Robert Mueller at a Senate Intelligence Hearing in 2012. Photo courtesy Medill DC. If anything of lasting value grows out of special counsel Robert Mueller’s report, the seed may lie in two words in the letter Attorney General William Barr sent to Congress summarizing Mueller’s findings.
Assuming Barr accurately portrayed the gist of Mueller’s statutorily mandated confidential report, the exhaustive investigation turned up no evidence that anyone associated with President Donald Trump’s 2016 campaign “conspired or coordinated with the Russian government in its election interference activities.” In other words, there was no collusion.
But Barr went on to say that Mueller ducked the question of whether Trump obstructed justice in connection with the investigation of the collusion narrative. The fact that there was no collusion is “not determinative” of whether the president might have obstructed justice anyway, Barr wrote. The two key words are “not determinative.”
The nonexistence of a crime absolutely should be determinative of whether anyone can criminally obstruct an investigation of it. In fact, by my reading of the Supreme Court’s ruling in the case of Arthur Andersen more than a decade ago, it may be already. But since the Justice Department does not seem to share my view, we can only hope that – someday – Congress will clearly mandate that a crime must exist before someone can obstruct justice in connection with it.
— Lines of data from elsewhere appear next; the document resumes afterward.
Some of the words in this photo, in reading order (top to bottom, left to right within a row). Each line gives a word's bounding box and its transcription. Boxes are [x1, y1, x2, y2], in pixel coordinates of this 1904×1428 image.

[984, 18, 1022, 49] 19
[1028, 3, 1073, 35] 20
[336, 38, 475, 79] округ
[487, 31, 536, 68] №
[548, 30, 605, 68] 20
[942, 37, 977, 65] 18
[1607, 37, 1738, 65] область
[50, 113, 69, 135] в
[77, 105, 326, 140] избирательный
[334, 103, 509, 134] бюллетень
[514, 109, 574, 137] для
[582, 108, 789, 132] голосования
This sounds like an easy lift, but I am not holding my breath.
After making a “thorough factual investigation” of presidential conduct (most of it public, and probably a lot of it conducted on Twitter) that the special counsel viewed as “potentially raising obstruction-of-justice concerns,” Mueller “considered whether to evaluate the conduct under [Justice] Department standards governing prosecution and declination decisions but ultimately determined not to make a traditional prosecutorial judgment,” the attorney general reported. Instead, Mueller described the evidence and legal issues on both sides of the question and declared “while this report does not conclude that the President committed a crime, it also does not exonerate him.”
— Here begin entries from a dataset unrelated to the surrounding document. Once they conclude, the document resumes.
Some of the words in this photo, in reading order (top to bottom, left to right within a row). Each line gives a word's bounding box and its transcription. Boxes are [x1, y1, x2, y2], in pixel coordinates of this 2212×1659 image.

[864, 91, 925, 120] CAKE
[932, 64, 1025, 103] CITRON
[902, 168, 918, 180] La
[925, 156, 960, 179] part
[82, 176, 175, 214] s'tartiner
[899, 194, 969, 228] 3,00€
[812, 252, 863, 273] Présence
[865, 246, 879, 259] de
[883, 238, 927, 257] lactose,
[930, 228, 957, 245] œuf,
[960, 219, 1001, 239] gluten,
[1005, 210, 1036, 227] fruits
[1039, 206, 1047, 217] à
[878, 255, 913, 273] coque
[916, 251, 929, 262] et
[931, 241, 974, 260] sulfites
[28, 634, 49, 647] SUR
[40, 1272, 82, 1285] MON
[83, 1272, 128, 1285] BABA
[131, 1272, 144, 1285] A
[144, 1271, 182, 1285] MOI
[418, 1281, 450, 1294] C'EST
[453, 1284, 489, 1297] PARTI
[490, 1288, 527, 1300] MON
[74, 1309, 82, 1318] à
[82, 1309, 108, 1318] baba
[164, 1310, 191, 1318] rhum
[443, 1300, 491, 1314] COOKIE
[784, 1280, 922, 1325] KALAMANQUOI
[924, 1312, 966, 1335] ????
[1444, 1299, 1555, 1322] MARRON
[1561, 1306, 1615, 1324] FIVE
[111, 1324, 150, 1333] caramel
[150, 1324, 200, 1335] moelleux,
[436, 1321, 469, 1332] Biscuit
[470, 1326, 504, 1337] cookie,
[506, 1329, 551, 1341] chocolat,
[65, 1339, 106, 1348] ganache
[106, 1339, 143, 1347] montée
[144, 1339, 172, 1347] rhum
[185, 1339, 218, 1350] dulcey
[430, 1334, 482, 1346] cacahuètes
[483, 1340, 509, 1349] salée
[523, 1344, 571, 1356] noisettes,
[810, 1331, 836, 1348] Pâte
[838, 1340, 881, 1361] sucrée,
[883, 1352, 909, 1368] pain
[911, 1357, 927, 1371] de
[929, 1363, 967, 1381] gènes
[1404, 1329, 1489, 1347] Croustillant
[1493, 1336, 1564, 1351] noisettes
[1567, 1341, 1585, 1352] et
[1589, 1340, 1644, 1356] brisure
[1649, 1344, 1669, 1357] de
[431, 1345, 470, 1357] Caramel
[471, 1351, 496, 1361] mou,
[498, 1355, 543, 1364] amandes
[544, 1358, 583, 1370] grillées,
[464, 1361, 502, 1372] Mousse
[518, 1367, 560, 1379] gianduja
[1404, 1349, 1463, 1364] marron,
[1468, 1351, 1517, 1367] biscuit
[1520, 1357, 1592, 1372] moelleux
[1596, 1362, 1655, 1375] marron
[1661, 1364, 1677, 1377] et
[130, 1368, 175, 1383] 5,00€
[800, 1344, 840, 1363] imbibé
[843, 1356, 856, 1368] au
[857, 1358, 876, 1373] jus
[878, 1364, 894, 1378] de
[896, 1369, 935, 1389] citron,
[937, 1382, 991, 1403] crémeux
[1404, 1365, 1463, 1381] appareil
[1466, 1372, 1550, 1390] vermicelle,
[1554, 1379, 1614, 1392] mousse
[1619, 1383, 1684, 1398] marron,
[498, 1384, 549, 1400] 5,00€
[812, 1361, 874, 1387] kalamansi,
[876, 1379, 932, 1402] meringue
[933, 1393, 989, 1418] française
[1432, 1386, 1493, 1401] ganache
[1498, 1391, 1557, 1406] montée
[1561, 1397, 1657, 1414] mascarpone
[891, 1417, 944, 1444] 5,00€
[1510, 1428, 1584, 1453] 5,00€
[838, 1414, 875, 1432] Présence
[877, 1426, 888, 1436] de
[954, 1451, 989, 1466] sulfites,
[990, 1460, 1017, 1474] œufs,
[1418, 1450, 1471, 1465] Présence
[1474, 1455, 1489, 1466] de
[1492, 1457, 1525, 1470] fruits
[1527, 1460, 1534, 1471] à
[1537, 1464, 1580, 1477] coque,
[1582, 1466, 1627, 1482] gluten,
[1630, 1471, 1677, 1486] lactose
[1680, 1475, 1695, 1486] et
Barr and Deputy Attorney General Rod Rosenstein proceeded to conclude on their own that Mueller’s evidence does not support an obstruction of justice charge, even before considering the Justice Department’s long-standing view that a sitting president cannot be indicted.
My philosophy is to pay precious little attention to most of what people say, and to pay a lot of attention to what they do. As special counsel, Mueller was a prosecutor in everything but his title; a prosecutor is inclined to prosecute whenever a reasonable opportunity presents itself. Since Mueller declined to say that the president did not commit the offense of obstructing justice, let’s look instead at what the special counsel did – or, more significantly, what he chose not to do:
Mueller did not assert that Trump committed an offense of obstructing justice, regardless of whether he could have been charged with that offense while in office.
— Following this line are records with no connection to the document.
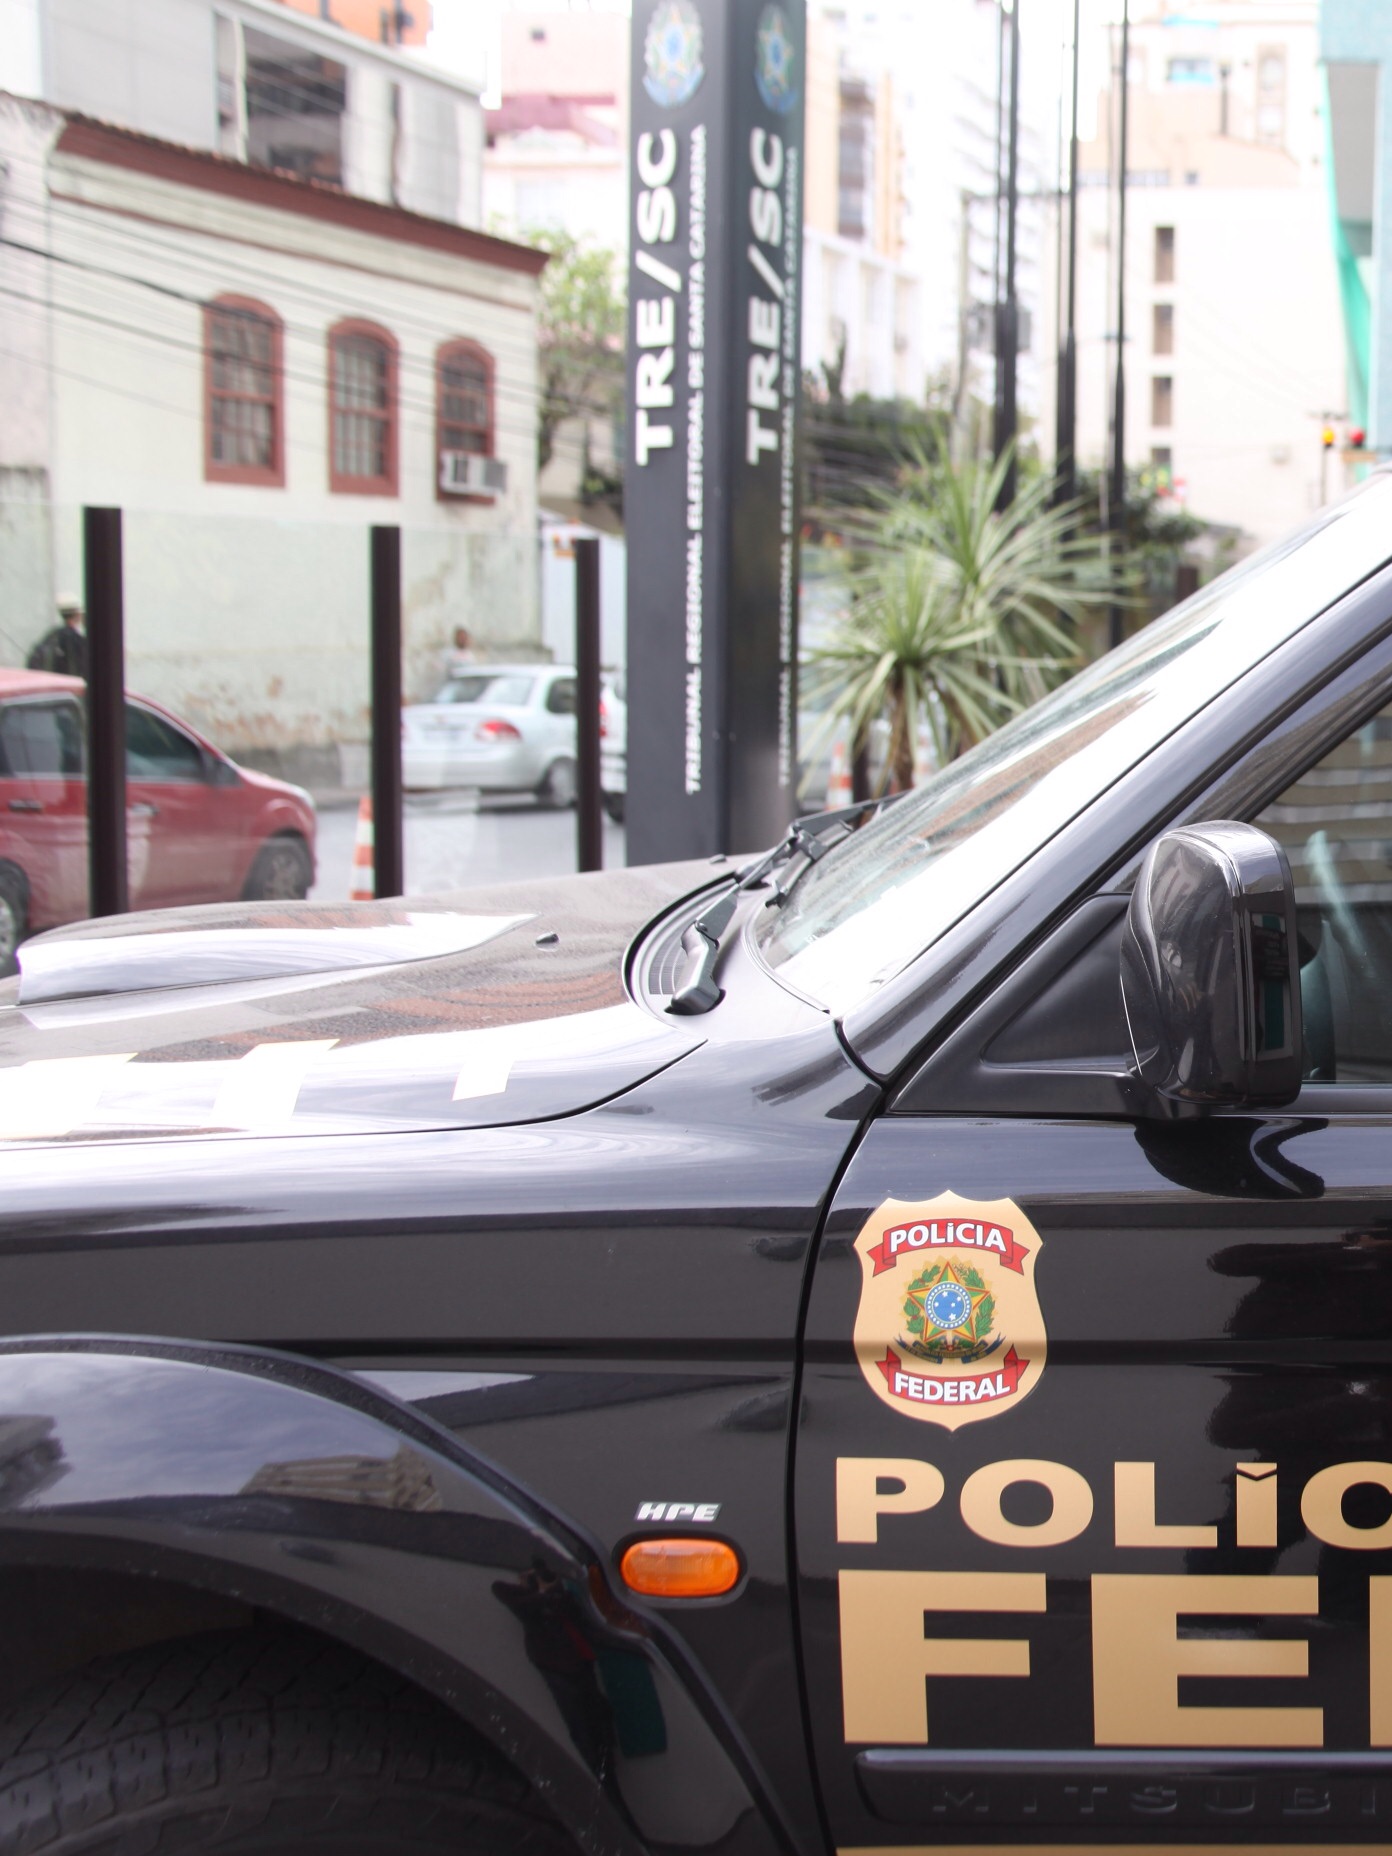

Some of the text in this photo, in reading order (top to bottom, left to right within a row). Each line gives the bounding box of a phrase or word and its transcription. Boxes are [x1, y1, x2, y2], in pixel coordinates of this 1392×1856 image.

[635, 128, 681, 467] TRE/SC
[685, 124, 706, 794] TRIBUNAL REGIONAL ELEITORAL DE SANTA CATARINA
[746, 127, 786, 466] TRE/SC
[636, 1502, 720, 1521] HPE
[894, 1372, 1010, 1403] FEDERAL
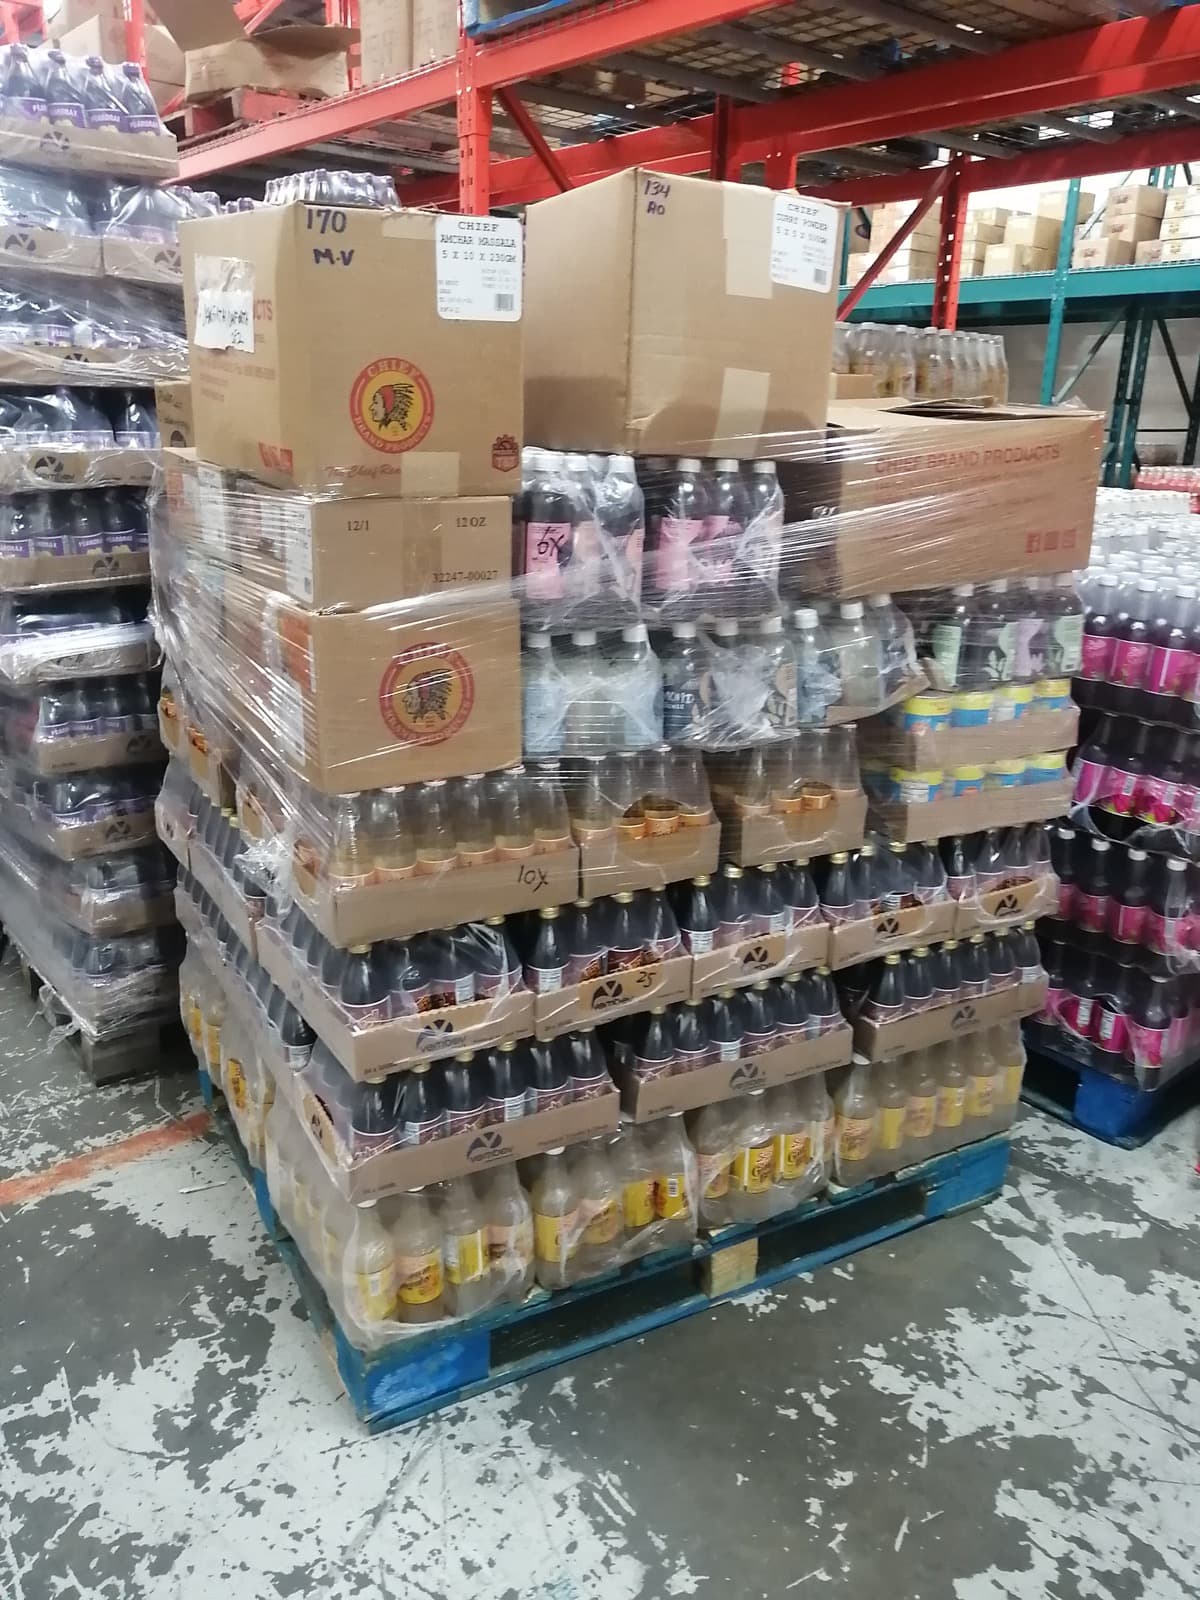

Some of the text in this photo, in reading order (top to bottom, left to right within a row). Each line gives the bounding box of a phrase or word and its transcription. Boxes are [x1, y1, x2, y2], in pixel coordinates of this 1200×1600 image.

[644, 180, 671, 198] 134
[307, 208, 347, 234] 170
[458, 221, 499, 232] CHIEF
[368, 360, 418, 377] CHIEF
[875, 443, 1060, 473] CHIEF BRAND PRODUCTS
[346, 520, 369, 531] 12/1
[636, 971, 656, 987] 25
Mueller did not recommend a prosecution, either while Trump is in office or thereafter, to test whether anything the president did in connection with the investigation that he endlessly called a “witch hunt” rose to the level of a crime.
Mueller did not, as far as we know, recommend that Congress consider obstruction of justice as an impeachable offense.
Mueller did not charge anyone in Trump’s orbit with obstruction for allegedly joining the president in any illegal obstruction attempt.
Mueller’s hesitation did not arise out of any general reluctance to put defendants on trial or to squeeze them for guilty pleas. According to Business Insider, Mueller’s team ended up charging eight Americans who were once associated with Trump’s campaign – mostly for offenses either unrelated to the campaign or for lying to investigators probing the collusion angle. They also charged 12 Russian intelligence officers, 13 Russian nationals and three Russian enterprises suspected of trying to manipulate the 2016 presidential election, as well as two other non-Russian individuals. If there was a case to be made, Mueller would not have been shy about trying to make it.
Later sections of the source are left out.